Bukan hanya senjata yang kuat, si pembunuh memiliki jubah tembus pandang yang dilengkapi dengan sihir yang membuatnya bisa menyembunyikan dirinya sepenuhnya.
Sihir yang digunakan pembunuh bayaran adalah tingkat dasar.
Namun, karena sesederhana itu dan biasa-biasa saja, sulit untuk menemukannya di tempat yang jumlah orangnya campur aduk.
Mungkin, si pembunuh telah menyerang dengan menghitung sebelumnya dengan cermat.
“Cih, hari ini gagal, tapi lain kali…”
“Tidak akan ada waktu berikutnya.”
Luke mendengar suara yang tidak dikenal dan tangan pembunuh yang mencoba merobek gulungan itu dipotong.
Itu Arch Duke Gregory, yang memegang pedang begitu cepat sehingga si pembunuh bahkan tidak bisa merasakan sakitnya, dan Luke bahkan tidak bisa menyadarinya.

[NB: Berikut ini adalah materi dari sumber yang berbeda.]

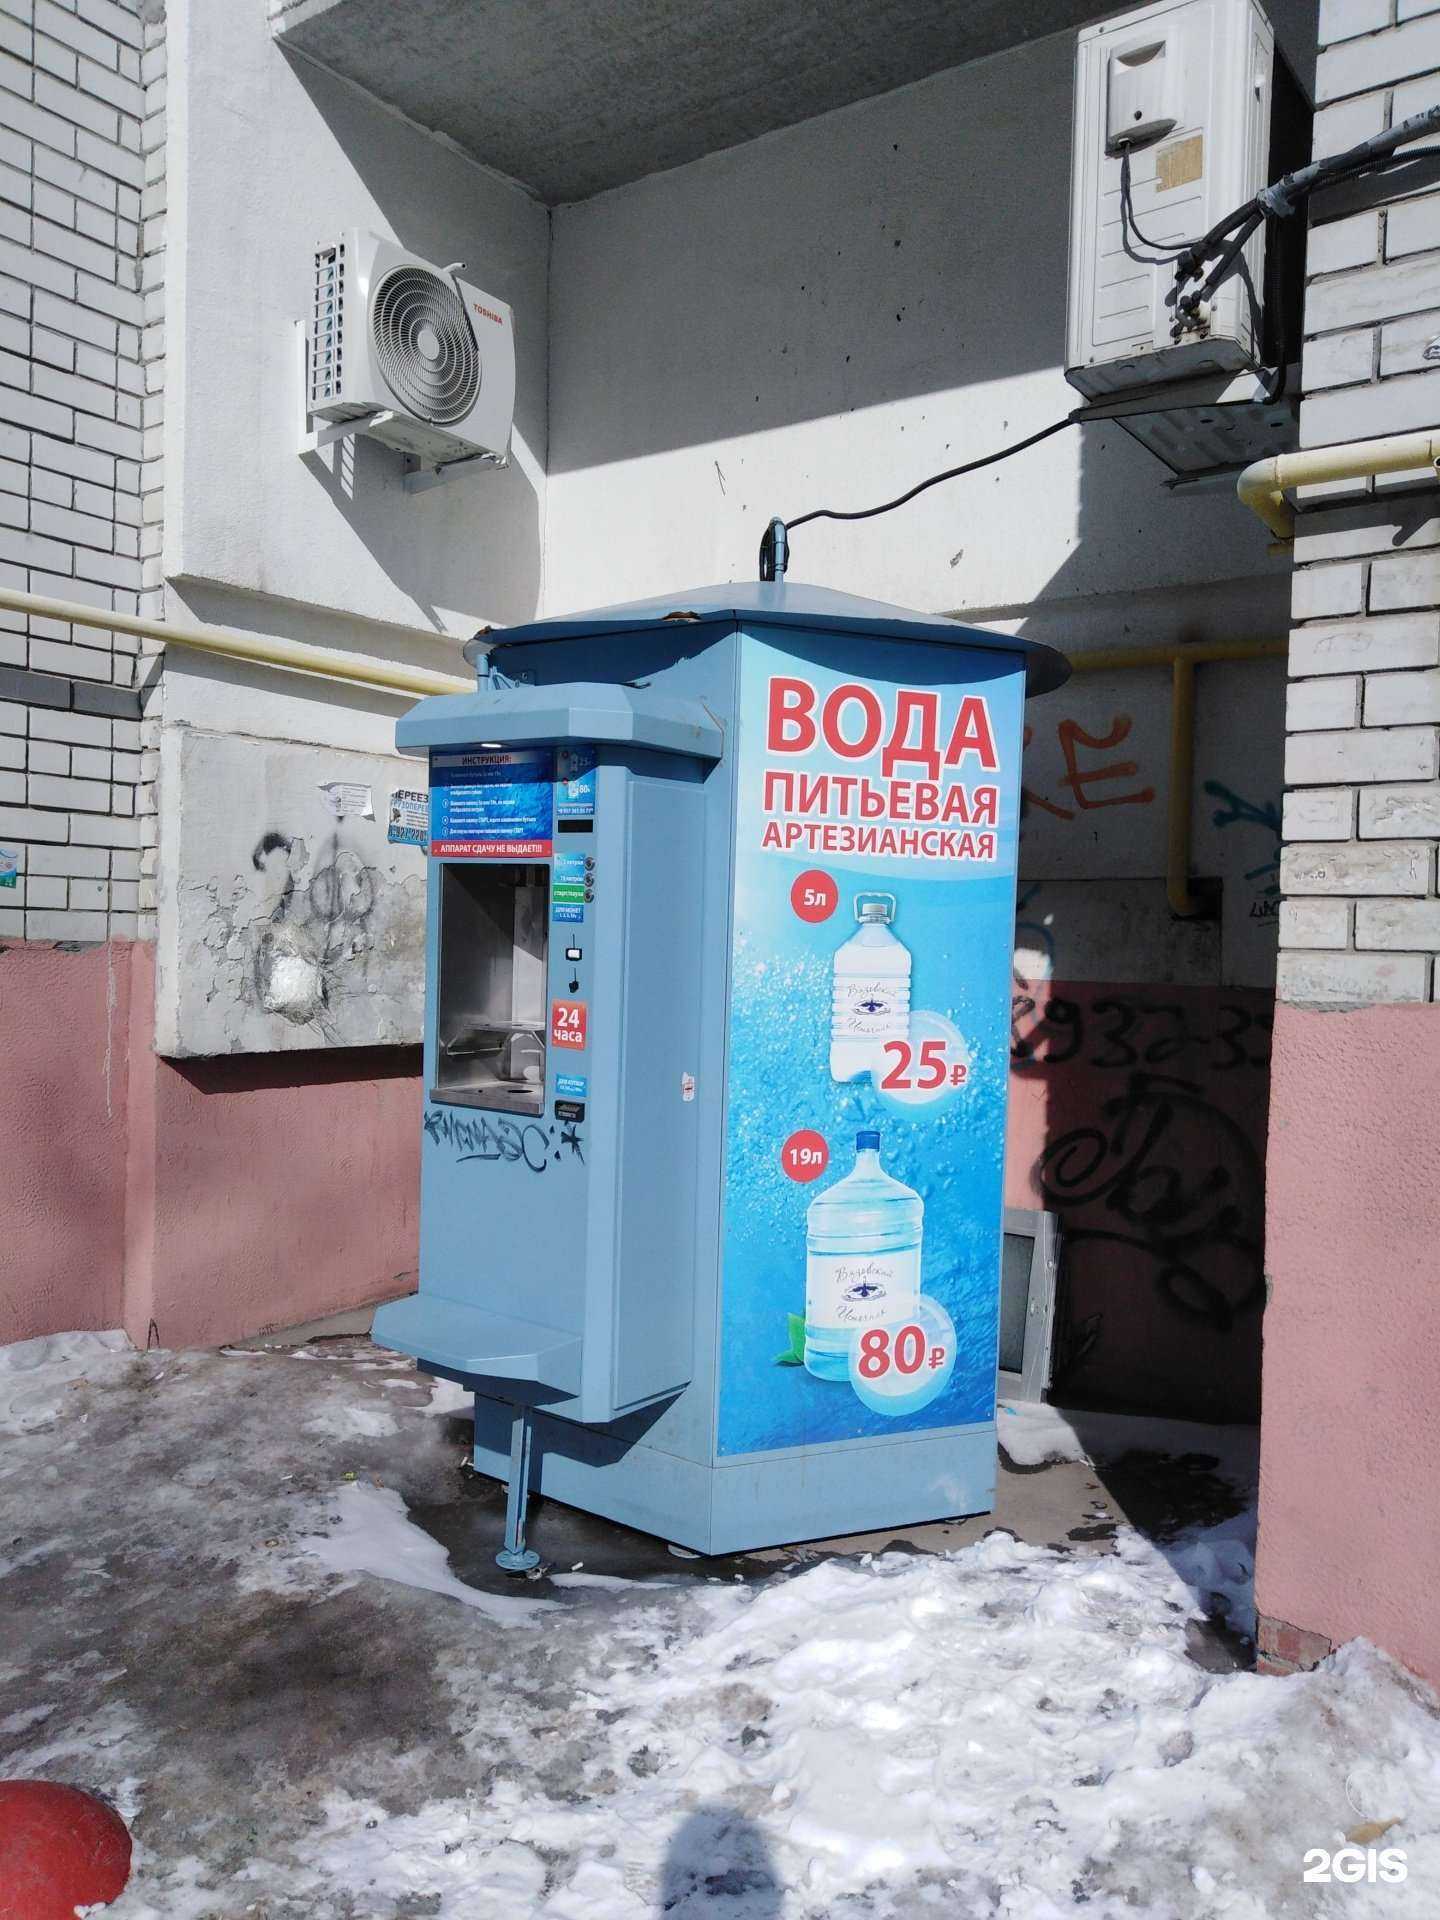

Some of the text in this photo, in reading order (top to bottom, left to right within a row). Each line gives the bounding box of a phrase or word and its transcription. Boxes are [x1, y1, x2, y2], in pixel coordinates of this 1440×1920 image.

[473, 303, 503, 325] TOSHIBA
[767, 677, 997, 781] ВОДА
[764, 771, 997, 824] ПИТЬЕВАЯ
[440, 844, 542, 854] АППАРАТ СДАЧУ НЕ ВЫДАЕТ!!!
[761, 821, 995, 859] АРТЕЗИАНСКАЯ
[803, 889, 827, 906] 5л
[557, 1007, 580, 1029] 24
[554, 1029, 583, 1043] часа
[790, 1148, 823, 1165] 19л

Arch Duke Gregory, muncul tepat di sebelah si pembunuh dan mengangkat pedangnya ke tenggorokannya.
“Berani-beraninya kamu mencoba menjatuhkan Paus … kamu harus rela mati.”
Pembunuh itu tampak bingung dan tiba-tiba muncul dalam jarak dekat dari Arch Duke Gregory. Tapi dia membuat dirinya tersenyum.
“Saya yakin. Sulit untuk mati. ”
Pembunuh itu menyilangkan tangannya yang tersisa setelah terluka.
Luke memperhatikan bahwa dia mencoba untuk berkonsentrasi pada lingkaran mana, dan berteriak pada semua orang yang dekat dengannya.
“Semuanya cepat! Itu adalah sihir bunuh diri! ”
Begitu cahaya berbahaya bersinar dari hati si pembunuh, Luke berlari ke arah si pembunuh tanpa ragu-ragu. Dan tak lama kemudian, raungan liar mengguncang langit dan bumi.
Kwang!
Getaran dan getaran, kilatan yang membumbung di atas langit terlihat jelas oleh orang-orang di Kerajaan Konrad dan pasukan lainnya.
Beberapa dari mereka tercengang, sementara yang lain tersenyum.
Membuat roda takdir berputar diam-diam ke arah yang tidak diketahui.